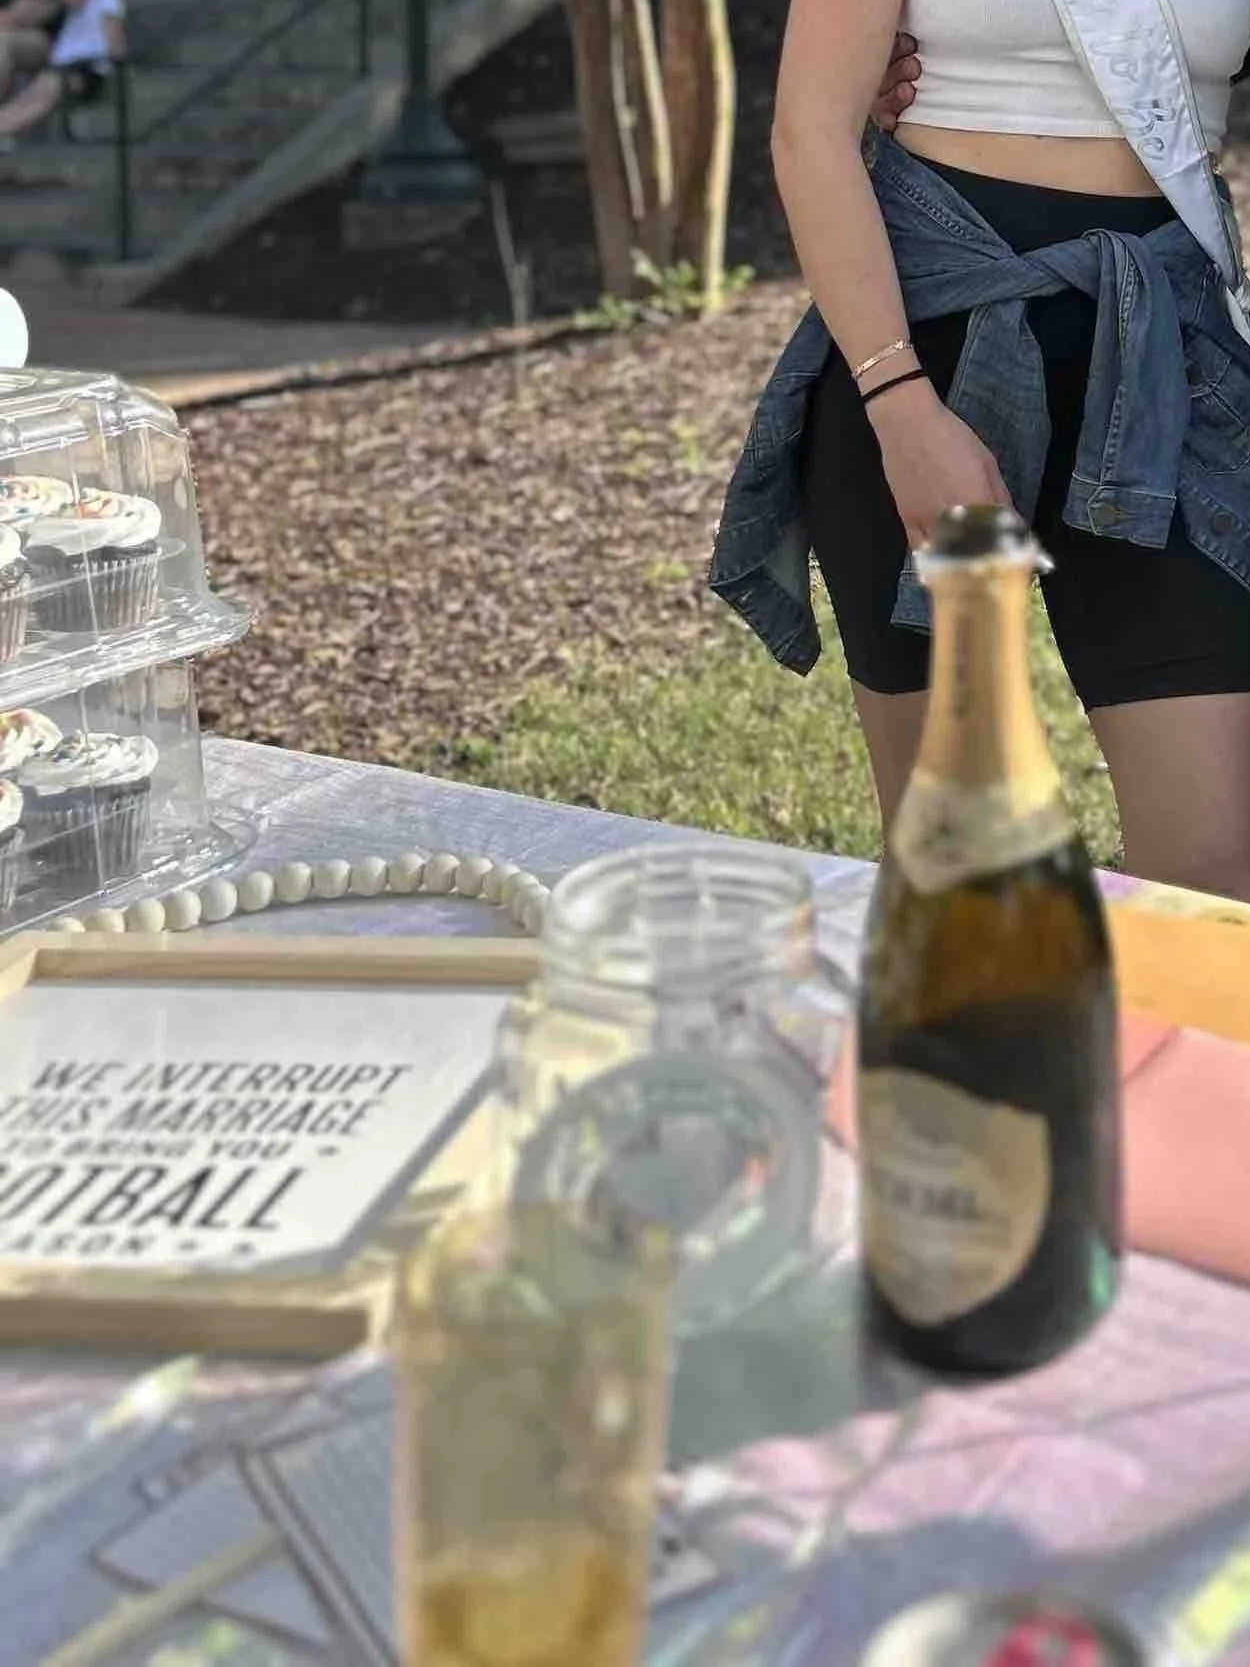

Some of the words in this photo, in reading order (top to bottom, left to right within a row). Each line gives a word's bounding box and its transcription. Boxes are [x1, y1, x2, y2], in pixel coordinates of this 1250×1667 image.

[34, 1061, 124, 1091] WE
[121, 1061, 413, 1094] INTERRUPT
[105, 1098, 383, 1134] MARRIAGE
[0, 1162, 305, 1228] OTBALL
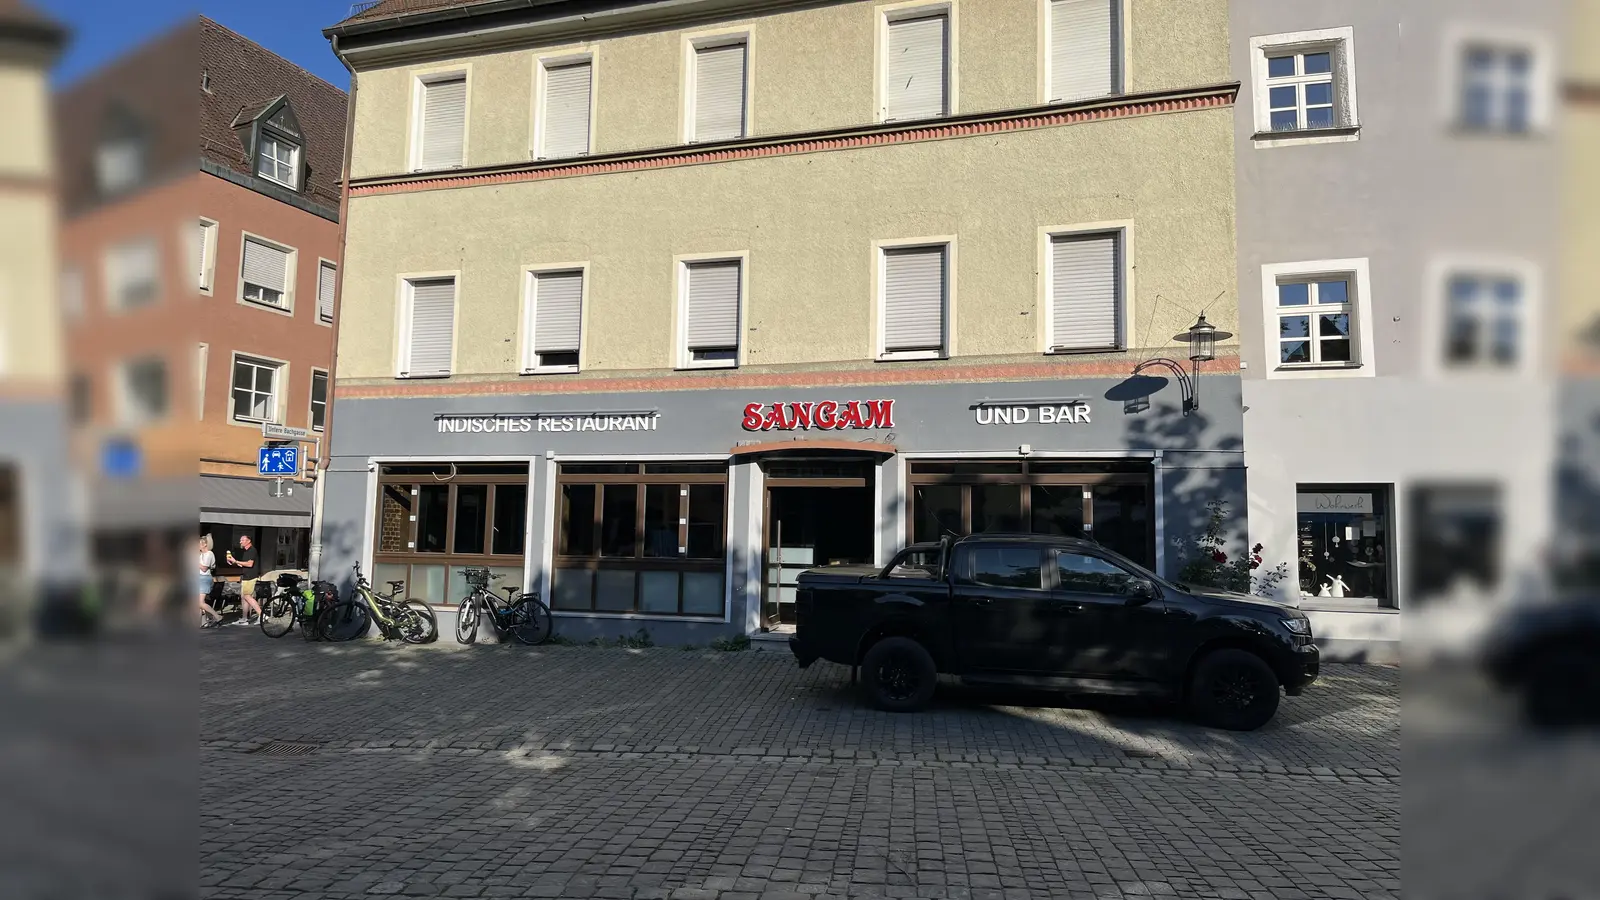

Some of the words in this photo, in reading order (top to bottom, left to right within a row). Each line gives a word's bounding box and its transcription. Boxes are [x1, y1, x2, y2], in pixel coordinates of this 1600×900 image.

[437, 416, 532, 433] INDISCHES
[537, 413, 661, 432] RESTAURANT
[742, 399, 896, 431] SANGAM
[976, 406, 1030, 425] UND
[1038, 404, 1092, 424] BAR

= Task statement =
In the listing above, find the line containing "this 1600×900 image."; that line and every line after it, through the last, are to be retyped exactly.

= Task answer =
Some of the words in this photo, in reading order (top to bottom, left to right within a row). Each line gives a word's bounding box and its transcription. Boxes are [x1, y1, x2, y2], in pixel coordinates of this 1600×900 image.

[437, 416, 532, 433] INDISCHES
[537, 413, 661, 432] RESTAURANT
[742, 399, 896, 431] SANGAM
[976, 406, 1030, 425] UND
[1038, 404, 1092, 424] BAR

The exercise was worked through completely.